As the World celebrated ‘The Day of the African Child’, I could not help to wonder whether there is still hope for the Kenyan child, who continues to face abuse, orphan hood, disease, violence, hunger, poverty and negligence. My perception changed after visiting Oloolakir Location where Community Initiatives Agenda facilitated children and the community to celebrate the Day of the African Child, an event commemorated internationally on an annual basis every June 16th.
Oloolakir is a remote village in Kajiado County, it stands on the border of Kajiado Central – Bisil and Kajiado South – Loitoktok. The community there had no idea that there existed such a day to celebrate the African Child. Thanks to CIA who brought the awareness of the Day of the African Child to the people of Oloolakir. Despite their difficult circumstances and situations in this very remote part of the Country, the people were full of love and great warmth. There was pomp and color evidenced in their traditional beautiful Maasai regalia that was worn by both the boys and the girls.
Shouts of joy rented the air as the girls and the boys competed in football and handball matches, this was the first activity done to mark the celebrations.
I could see the unrelenting pursuit for greatness in place of despair, well-being in place of poverty and self – belief in place of doubt on the face of the Children from Oloolakir Primary School as they celebrated and marked the day in dances, folk songs, poems and skits all performed by the youngest children from the ECD class to class 8.
The children also enjoyed a rare treat of goodies, to them it was a party that had never been witnessed in this location. This great community made us feel at home and put hope alive that the future of the Kenyan child is still bright and shinning.
A number of issues and concerns came into play from the songs and the poems that the children performed. They brought out the real issues that hold the Maasai boy and girl child behind in this region.
Teenage pregnancy, early marriages, Cultural practices like Female Genital Mutilation (FGM), Moranism and negligence are some of the issues that I could single out from the children voices and especially in this remote part of the country, where the rate of school dropout is alarming. One new thing that is being observed is the dropout rate of the boy child to prematurely join the business world in the name of sand harvesting and boda boda(motorbike transport)
Mr. James Lemunke, the head teacher at Oloolakir Primary School as well as the area Chief Mr. Wilson Kampaine Lekutuk confirmed to CIA that the same issues have affected learning in a big way and impacted negatively on transition from one level to the other as well as completion of basic primary school.

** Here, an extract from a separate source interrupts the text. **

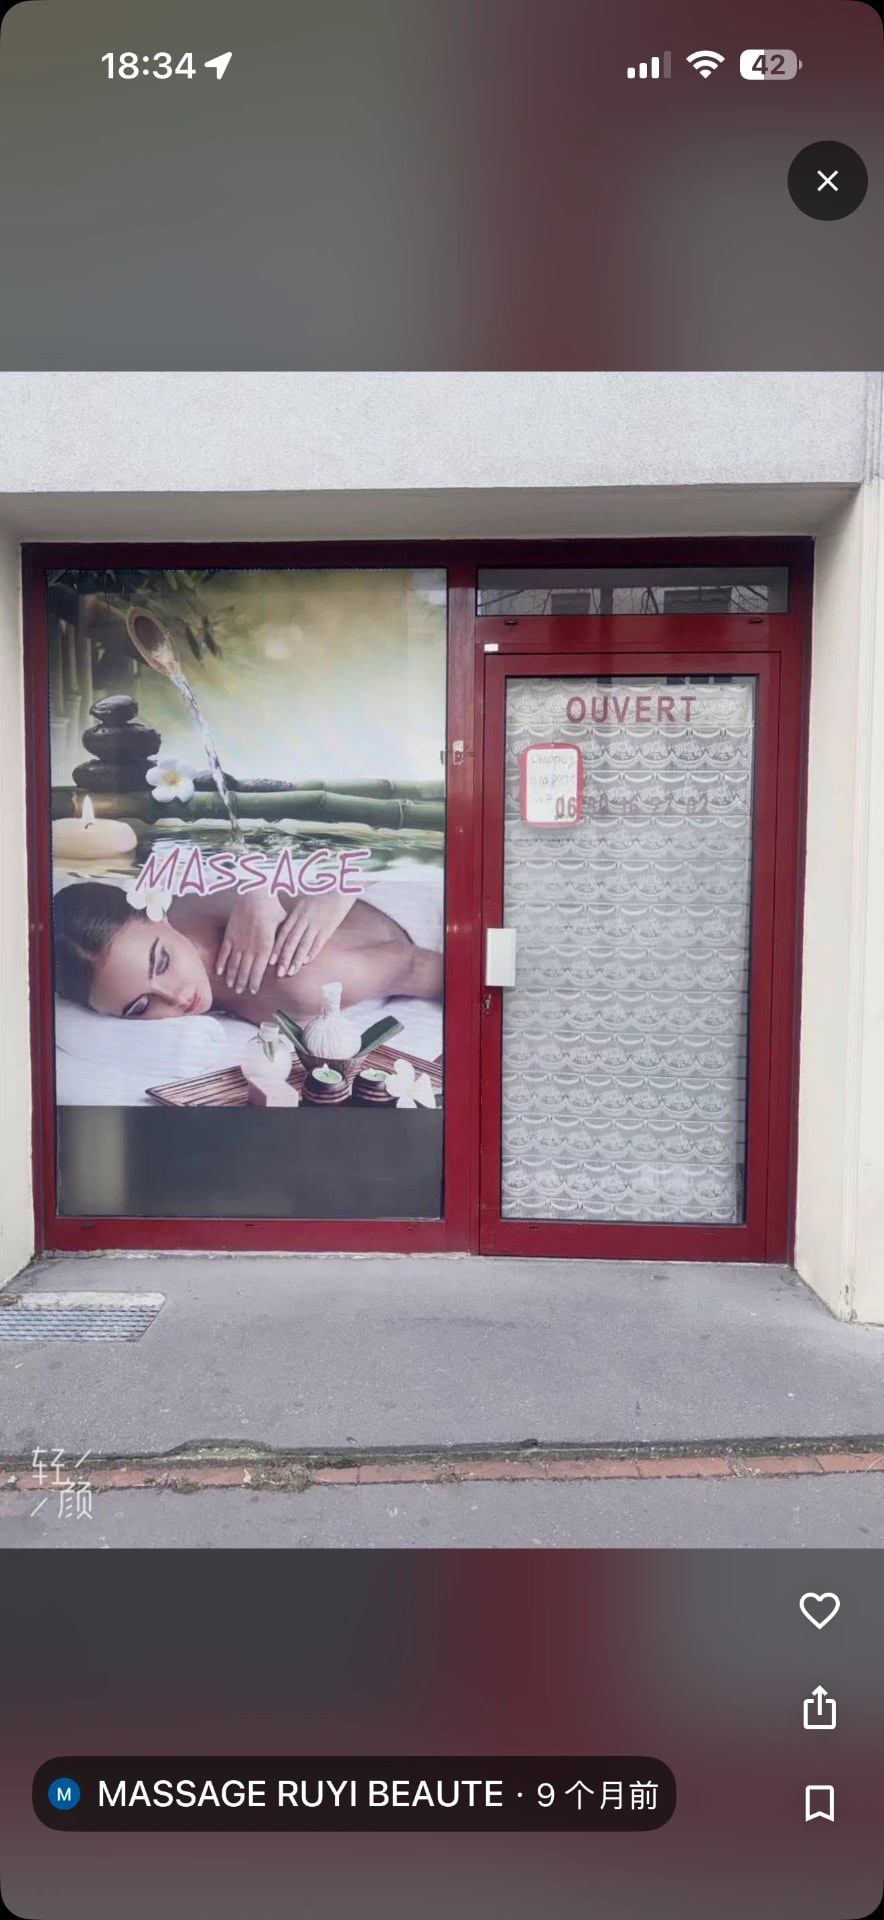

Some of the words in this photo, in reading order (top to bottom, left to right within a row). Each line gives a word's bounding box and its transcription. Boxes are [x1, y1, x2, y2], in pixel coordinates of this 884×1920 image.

[566, 695, 697, 724] OUVERT
[555, 796, 578, 819] 06
[135, 847, 372, 896] MASSAGE

The Chief attributed the dropout rate to parent’s and other caregiver’s lack of commitment and support for their children’s education. He also blamed them for embracing practices that affect the development of their children. The Chief on behalf of the local administration pledged to work closely with CIA and other likeminded individuals and groups that are working to improve the quality of life for the Kenyan child.
The CIA Director Mrs. Immaculate Salaon echoed the theme for DAC 2018 ‘’ Leave no Child Behind for Africa’s Development. In her remarks, she emphasized the need for parents/caregivers and guardians to ensure that all children are enrolled in ECD centers and given an opportunity to learn and transition to Primary School and onward to Secondary School. She also made parents understand that children are also gifted and talented in different ways other than education. They should therefore identify these gifts and talents and nurture them accordingly. She particularly singled out children with special needs who are most often locked, neglected and kept away in very deplorable conditions that strangle their development.
She assured the Community that, CIA is committed to working closely with other partners to ensure that no child is being left behind without an education and in poor health. She urged the parents and other caregivers not to destroy the future of their children by engaging them in cultural practices that affect their development in totality. She pointed out that education is one of the keys to a brighter future for the children and therefore parents should support all the children to access education.
Indeed there is great hope for the Kenyan child, if only the efforts that are being made by CIA and other organizations to improve the quality of life for the Kenyan child are put into consideration and given the unwavering support by the government and other national and international bodies.